Family is one of the great characteristics of God’s kingdom, as "father” is characteristic of God Himself. Ephesians 3:14,15 states, For this reason I bow my knees to the Father of our Lord Jesus Christ, from whom the whole family in heaven and earth is named (NKJV). Family, both natural and spiritual, is meant to be fruitful and fulfilling. However, family can be fickle and frustrating as well! Principles and guideposts are needed to navigate through the waters of developing a successful family. We have found certain values in “doing life” together as a family that have become “hangers” to help keep our family sharp and unwrinkled. Three valuable things we have enjoyed the most are communication, tradition and affirmation. Let’s explore these…

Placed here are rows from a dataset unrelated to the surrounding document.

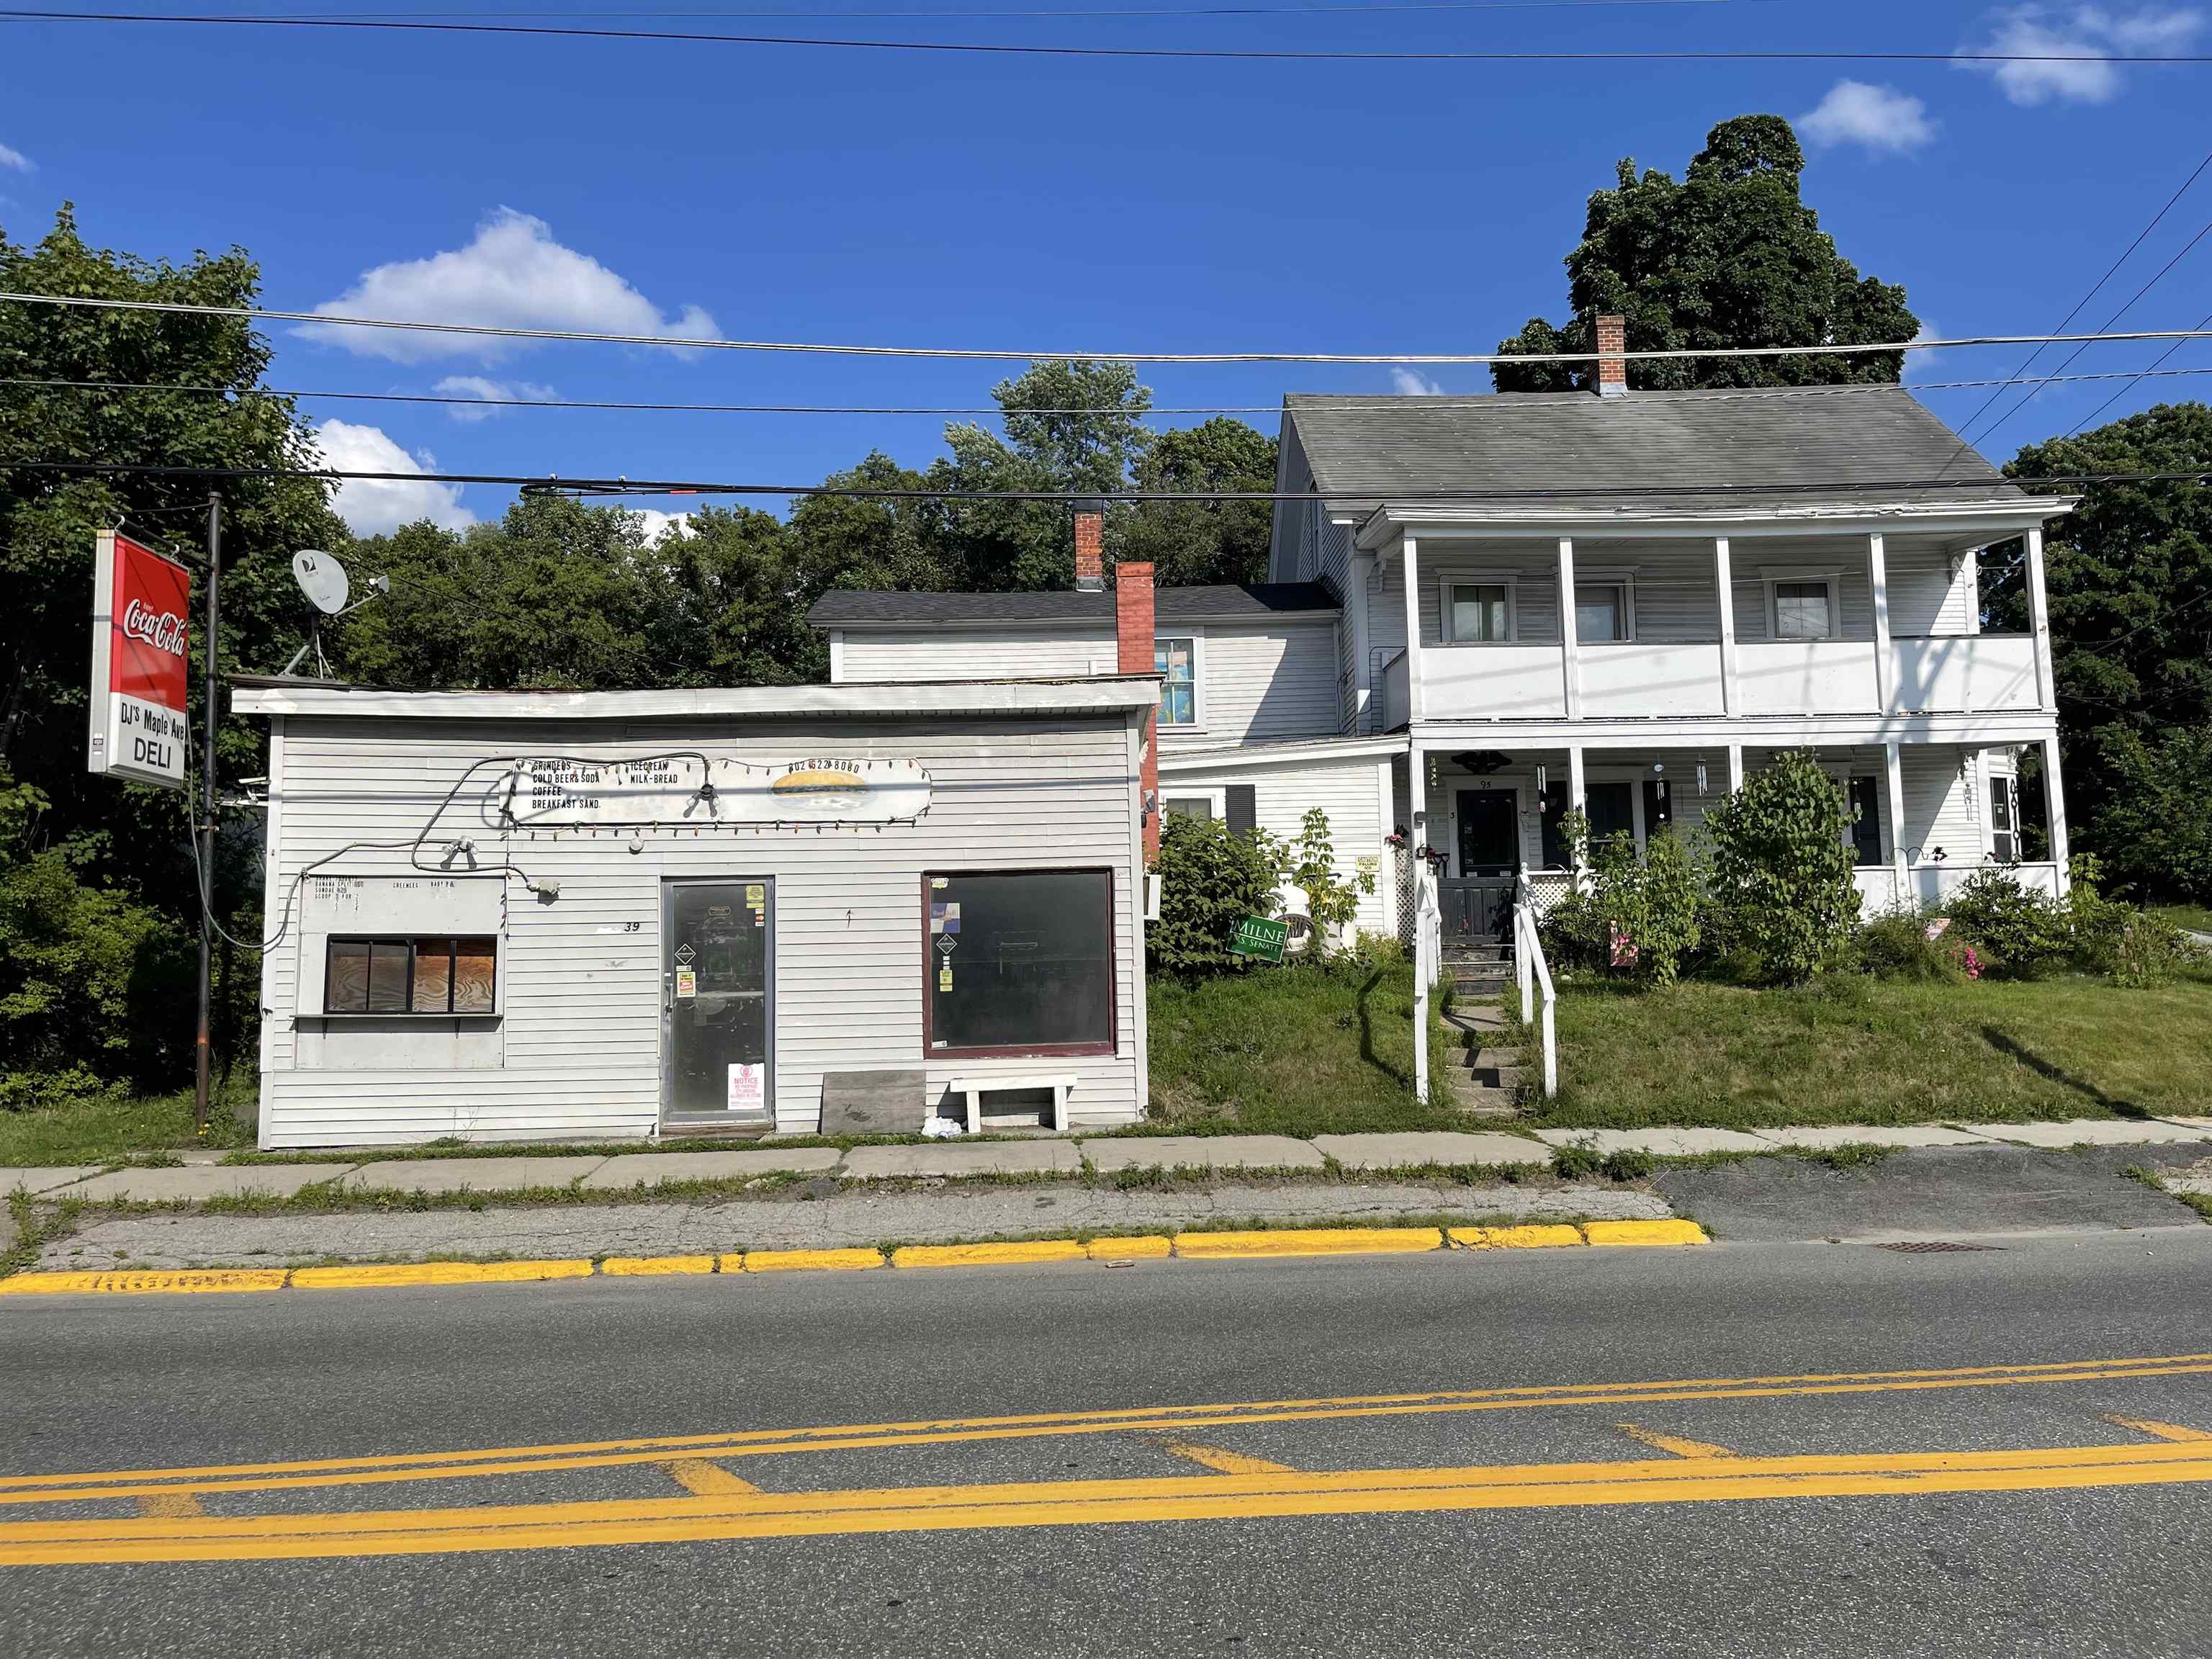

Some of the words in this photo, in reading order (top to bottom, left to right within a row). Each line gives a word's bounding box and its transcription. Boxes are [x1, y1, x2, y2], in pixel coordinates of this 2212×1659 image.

[124, 598, 187, 657] Coca-Cola
[144, 709, 168, 737] Maple
[171, 718, 184, 740] Ave
[134, 737, 171, 769] DELI
[533, 773, 552, 783] COLD
[581, 773, 600, 783] SODA
[533, 787, 562, 796] COFFEE
[532, 799, 577, 809] BREAKFAST
[624, 922, 639, 932] 39
[1230, 920, 1285, 943] MILNE
[1249, 939, 1279, 952] SENATE

Communication…what a catchword in our culture! Communication is an adhesive, or glue, that holds the members of a family together in the midst of their diversity and difficulties. For years we have enjoyed a function called the “family rally.” We meet weekly on an agreed hight for the purpose of communication. At our family rallies we encourage each other, confront one another, go over schedules, dream, laugh, cry over defeats and celebrate victories. The atmosphere is such that we all have permission to speak freely without fear of reprisal, and everything is done in an attitude of love. Typically, we end each family rally by praying for each other. In the splintered world in which we live, our family “circles the wagons” each week in order to work at and declare that we are together! We have found that having a strategy for family communication has a deeper effect of bonding than just relying upon spontaneous, as-you-go communication. Try it! Come up with a simple pattern that fits your family, commit to it through the ups and downs, and watch what God does!

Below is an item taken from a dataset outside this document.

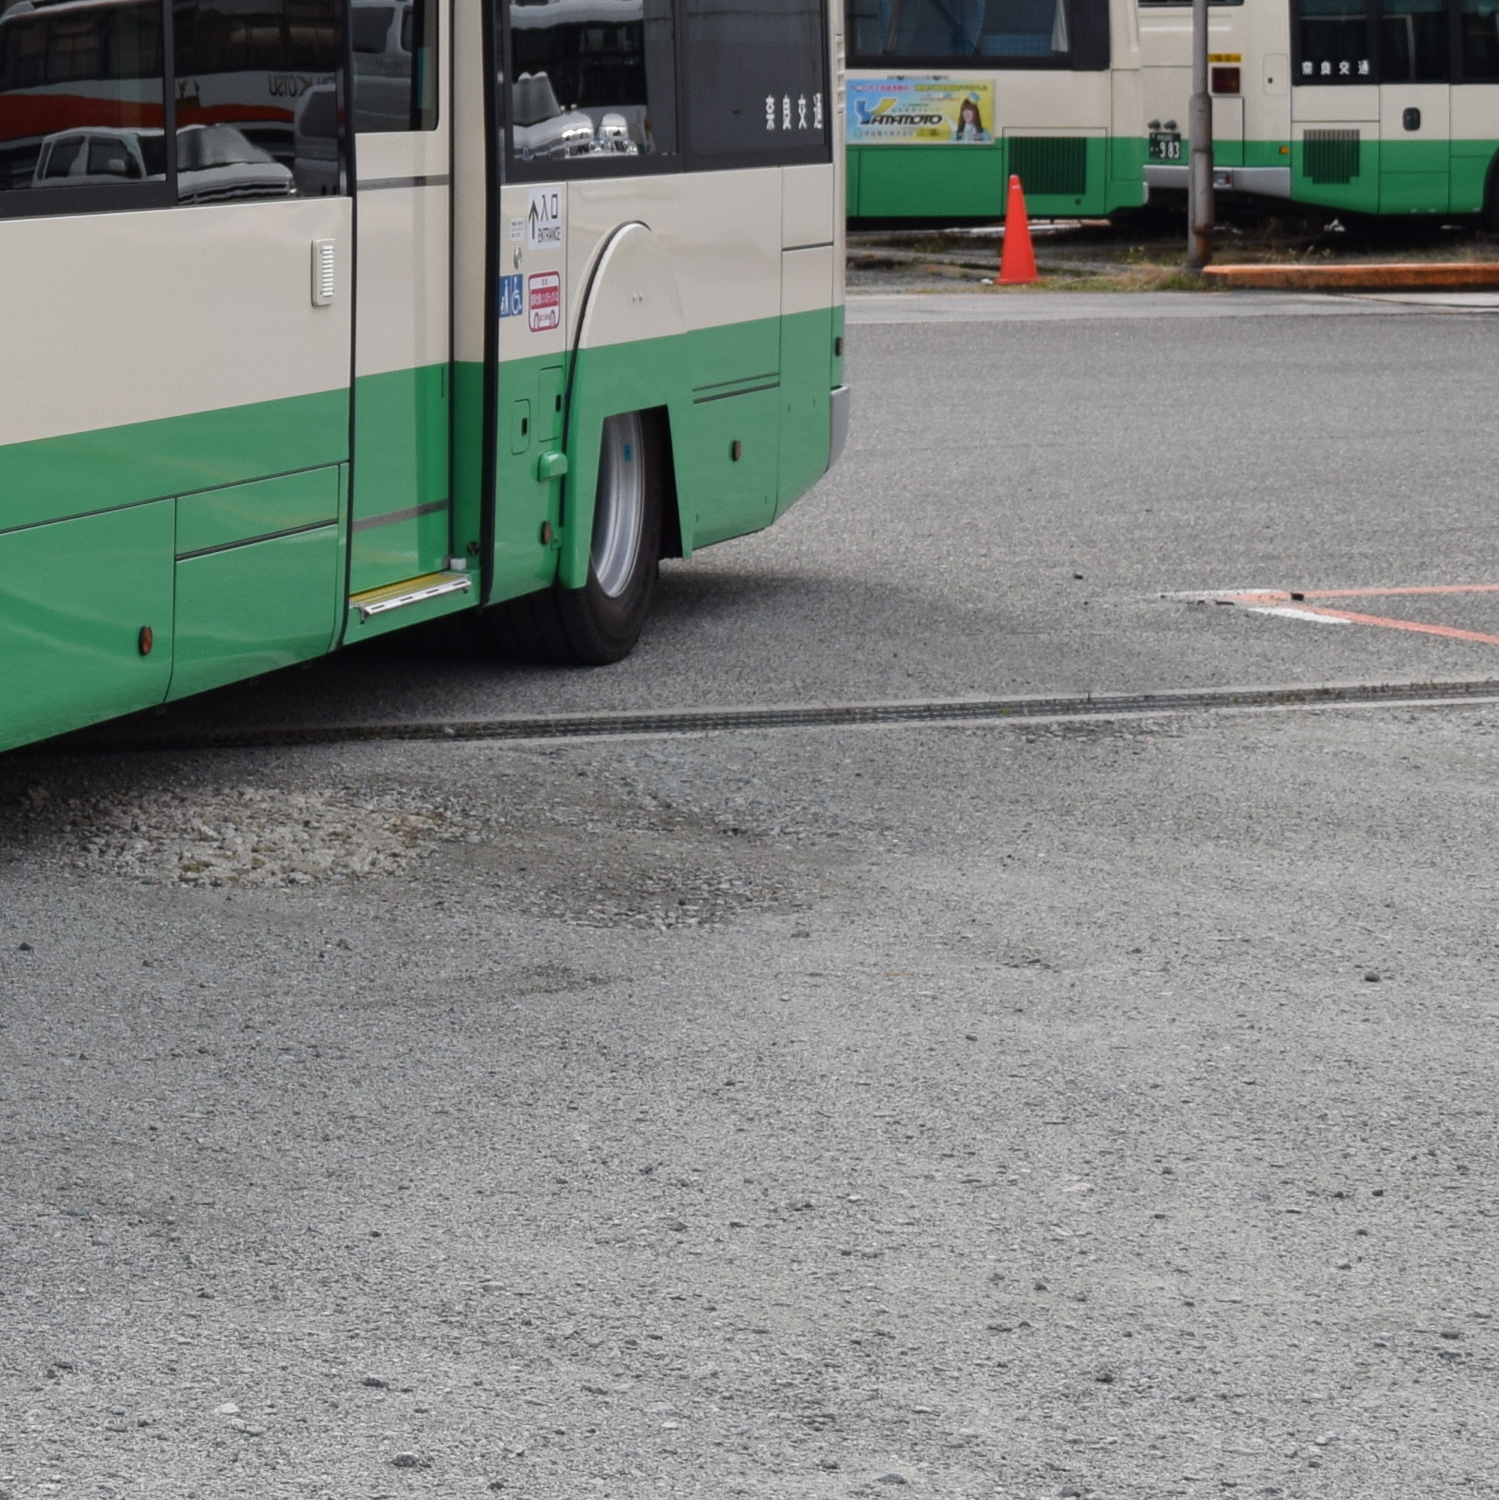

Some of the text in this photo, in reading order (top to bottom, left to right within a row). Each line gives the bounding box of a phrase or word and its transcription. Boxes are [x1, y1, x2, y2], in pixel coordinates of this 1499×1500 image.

[1301, 60, 1369, 75] 奈良交通
[765, 93, 822, 131] 奈良交通
[540, 194, 558, 222] 入口
[537, 226, 561, 244] ENTRANCE

Another key to unlock success in our daily communication as a family is a three-part principle: Repent quickly, forgive quickly and bounce back quickly. From time to time in our family relationships, we have what we call “cold wars.” This is when we have all our “nuclear missiles” lined up against each other and ready to fire. The atmosphere is very tense as a result of offenses or hurts between us. In these inevitable difficulties, we have learned that we have to repent quickly, forgive quickly, and bounce back quickly. Paul said it like this: “Be angry and do not sin”: do not let the sun go down on your wrath. And be kind to one another, tenderhearted, forgiving one another, even as God in Christ forgave you (Ephesians 4:26, 32 NKJV). So go ahead...step up to the plate, swing the bat of repentance and forgiveness, bounce back into unity and score as a family!

Tradition is also very valuable in holding a family together. The word tradition can conjure up a variety of responses. Tradition can be seen as something without life that is attended with meaningless ritual, obligation and stress. Tradition can also be seen as something that creates belonging, is full of life and brings a sense of safety and security. Proverbs 22:28 states, Do not remove the ancient landmark which your fathers have set (NKJV). Landmarks were boundaries that reminded people of what they possessed. For our families, landmarks can be the traditions that remind us of our inheritance in Christ. They are reminders of our belonging, identity and destiny as a family.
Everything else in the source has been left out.